Word for word, copy the lines beginning at the one with "this 1440×1920 image." and ending at the last line below; pictures stay out.

** Opening TASK INPUTS block **

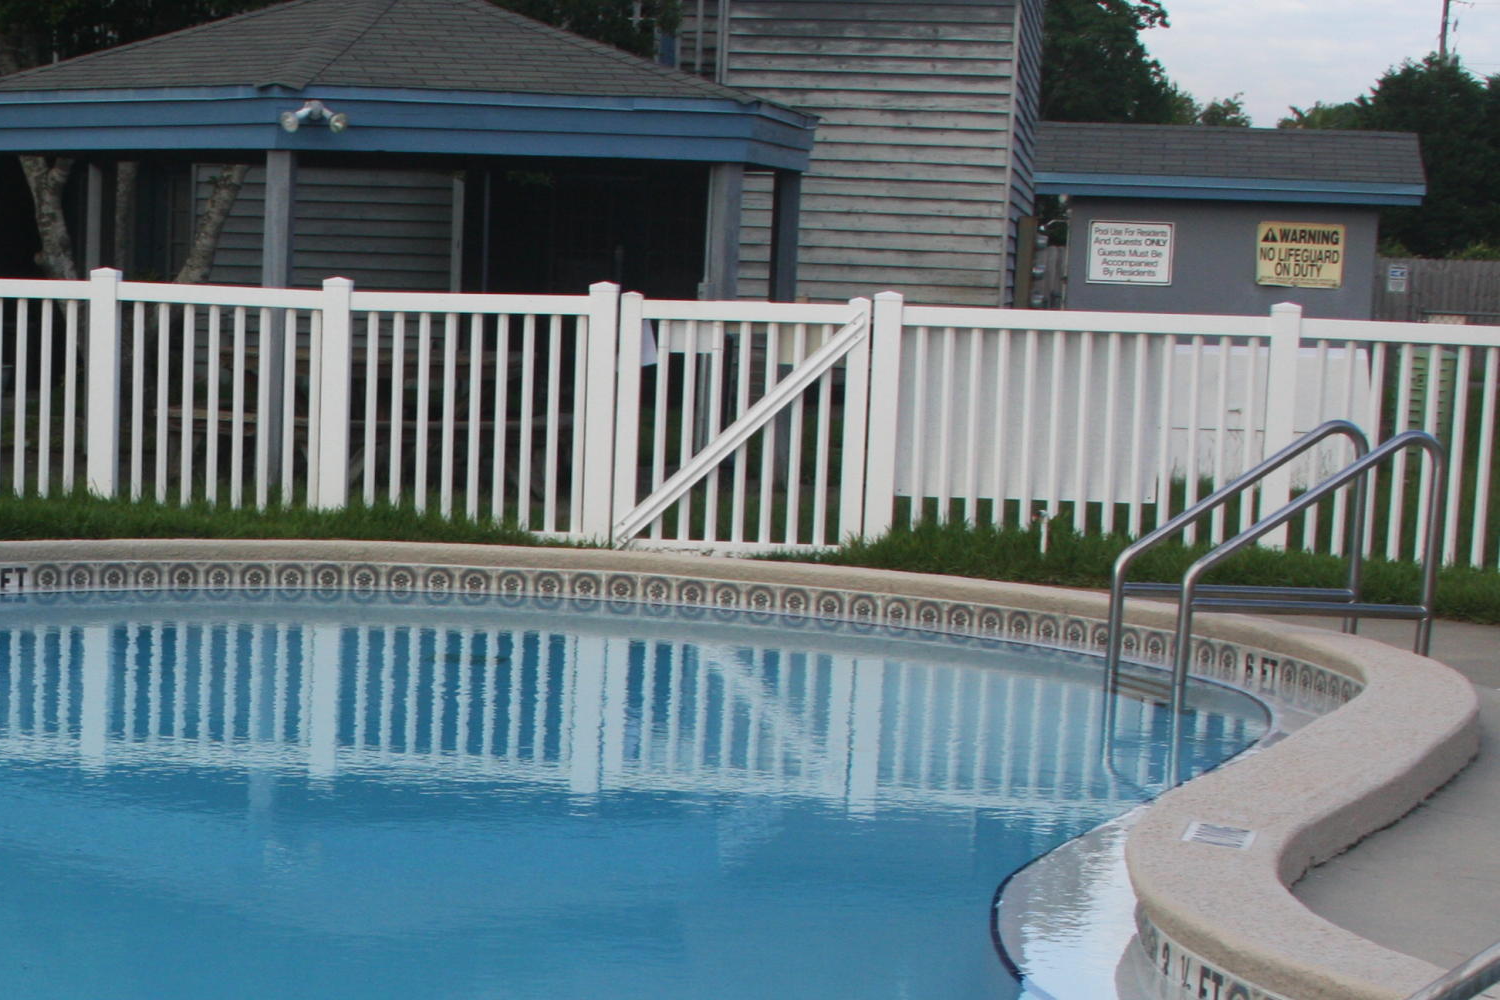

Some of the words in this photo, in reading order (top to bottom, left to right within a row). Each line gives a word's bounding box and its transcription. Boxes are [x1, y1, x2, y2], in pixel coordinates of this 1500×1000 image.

[1094, 227, 1109, 236] Pool
[1110, 227, 1123, 236] Use
[1124, 227, 1135, 236] For
[1136, 228, 1168, 237] Residents
[1279, 228, 1340, 245] WARNING
[1094, 237, 1111, 245] And
[1113, 237, 1142, 246] Guests
[1144, 238, 1169, 246] ONLY
[1097, 248, 1126, 257] Guests
[1128, 249, 1149, 257] Must
[1151, 250, 1163, 258] Be
[1260, 247, 1276, 262] NO
[1278, 248, 1340, 264] LIFEGUARD
[1101, 258, 1159, 268] Accompanied
[1102, 268, 1114, 277] By
[1116, 268, 1156, 277] Residents
[1274, 262, 1291, 276] ON
[1293, 263, 1323, 277] DUTY
[0, 567, 28, 589] FT
[1244, 653, 1255, 676] 6
[1260, 657, 1278, 681] FT
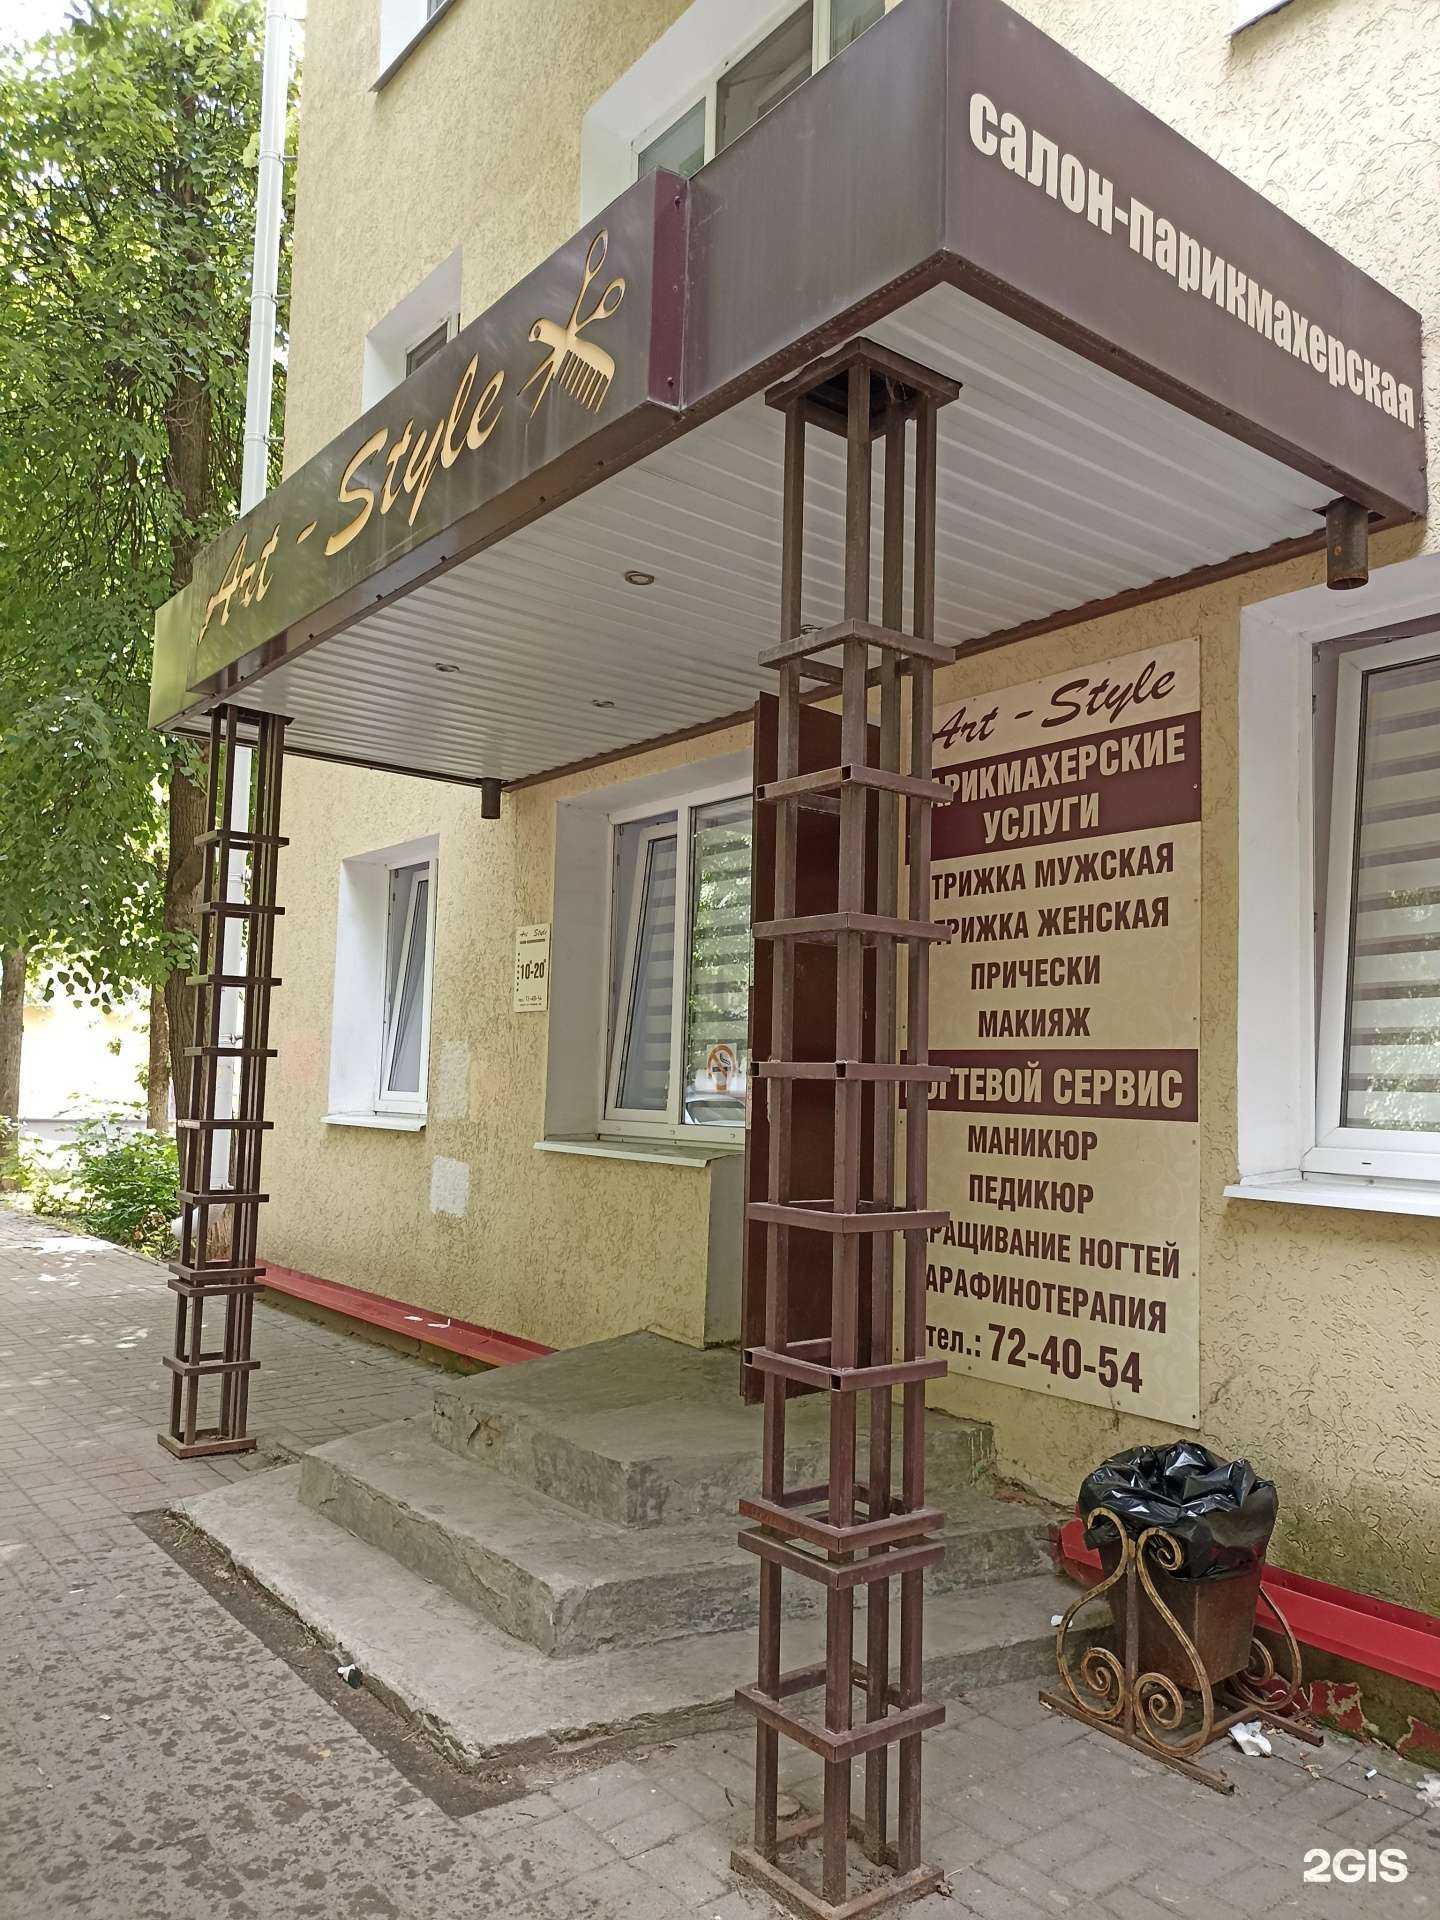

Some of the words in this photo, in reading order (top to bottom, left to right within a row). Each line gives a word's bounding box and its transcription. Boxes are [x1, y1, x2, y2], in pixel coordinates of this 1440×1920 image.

[969, 92, 1415, 429] салон-парикмахерская
[197, 522, 280, 645] Art
[323, 352, 506, 557] Style
[932, 706, 999, 750] Art
[1041, 660, 1177, 729] Style
[983, 792, 1100, 845] УСЛУГИ
[932, 862, 1026, 901] ТРИЖКА
[1034, 841, 1174, 889] МУЖСКАЯ
[1037, 896, 1170, 938] ЖЕНСКАЯ
[970, 955, 1101, 991] ПРИЧЕСКИ
[978, 1007, 1091, 1039] МАКИЯЖ
[1053, 1068, 1183, 1109] СЕРВИС
[967, 1125, 1098, 1161] МАНИКЮР
[969, 1174, 1094, 1214] ПЕДИКЮР
[1079, 1240, 1180, 1279] НОГТЕЙ
[926, 1263, 1167, 1334] АРАФИНОТЕРАПИЯ
[988, 1323, 1143, 1394] 72-40-54
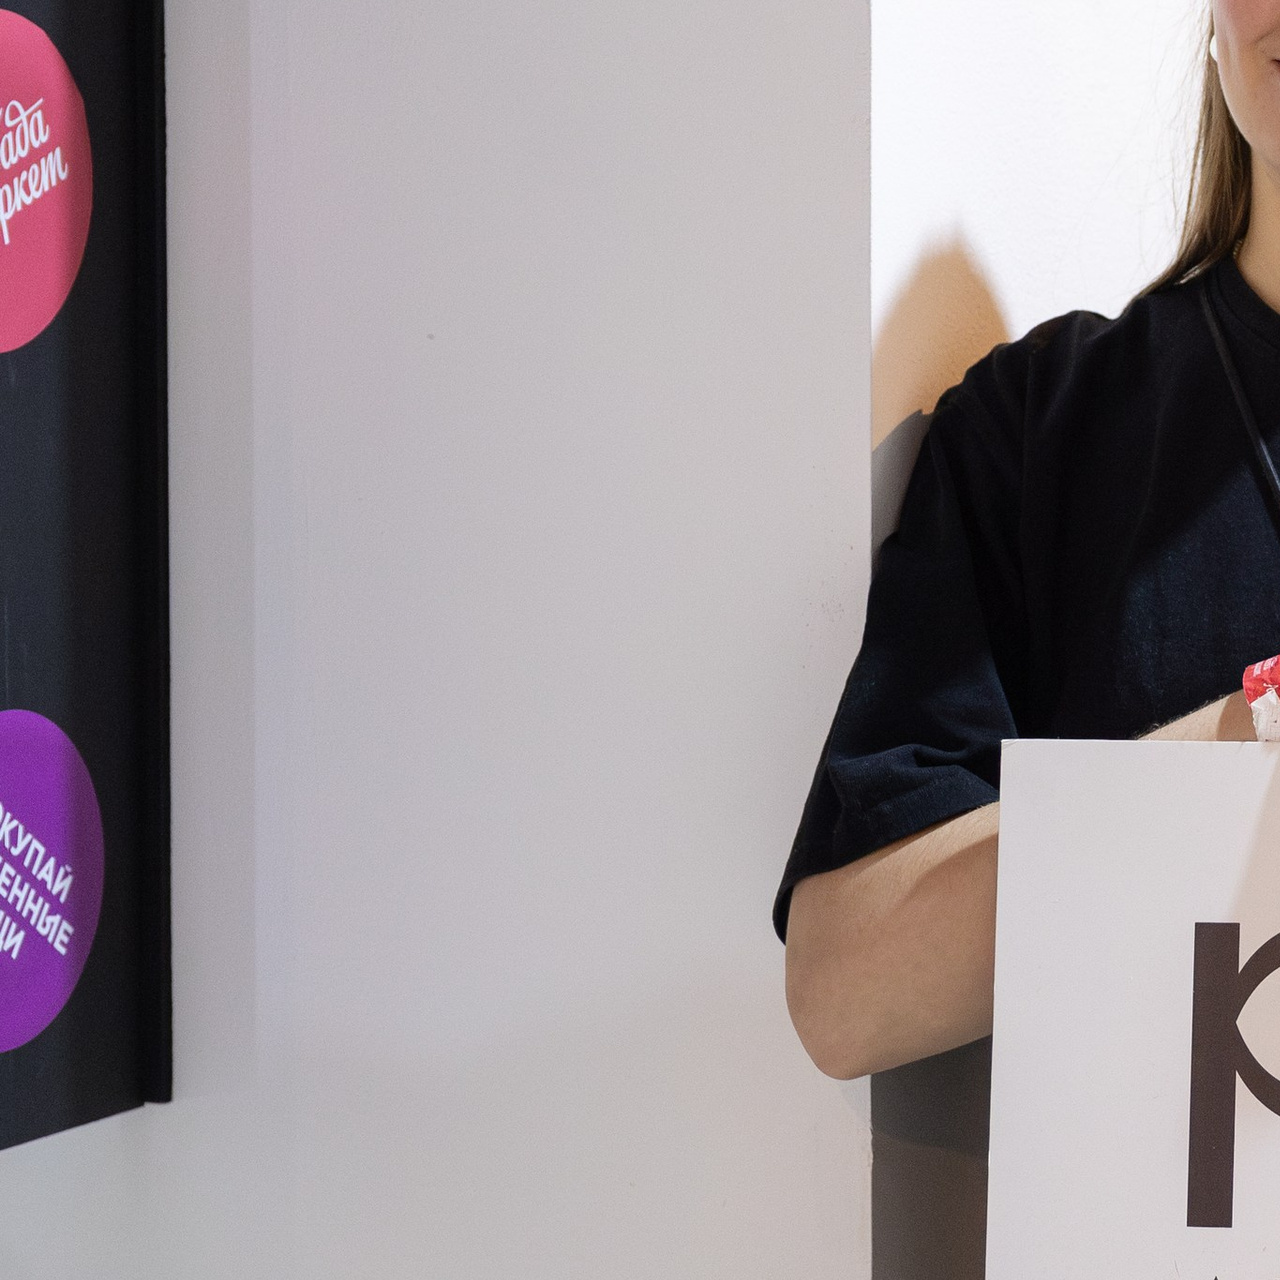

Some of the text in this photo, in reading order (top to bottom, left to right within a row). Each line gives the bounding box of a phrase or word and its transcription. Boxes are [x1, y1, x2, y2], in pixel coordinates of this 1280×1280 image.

** Closing TASK INPUTS block **

_ANSWER TO THE EXERCISE_:
Some of the words in this photo, in reading order (top to bottom, left to right within a row). Each line gives a word's bounding box and its transcription. Boxes are [x1, y1, x2, y2], in pixel coordinates of this 1440×1920 image.

[969, 92, 1415, 429] салон-парикмахерская
[197, 522, 280, 645] Art
[323, 352, 506, 557] Style
[932, 706, 999, 750] Art
[1041, 660, 1177, 729] Style
[983, 792, 1100, 845] УСЛУГИ
[932, 862, 1026, 901] ТРИЖКА
[1034, 841, 1174, 889] МУЖСКАЯ
[1037, 896, 1170, 938] ЖЕНСКАЯ
[970, 955, 1101, 991] ПРИЧЕСКИ
[978, 1007, 1091, 1039] МАКИЯЖ
[1053, 1068, 1183, 1109] СЕРВИС
[967, 1125, 1098, 1161] МАНИКЮР
[969, 1174, 1094, 1214] ПЕДИКЮР
[1079, 1240, 1180, 1279] НОГТЕЙ
[926, 1263, 1167, 1334] АРАФИНОТЕРАПИЯ
[988, 1323, 1143, 1394] 72-40-54

Some of the text in this photo, in reading order (top to bottom, left to right within a row). Each line gives the bounding box of a phrase or word and its transcription. Boxes are [x1, y1, x2, y2], in pixel coordinates of this 1280×1280 image.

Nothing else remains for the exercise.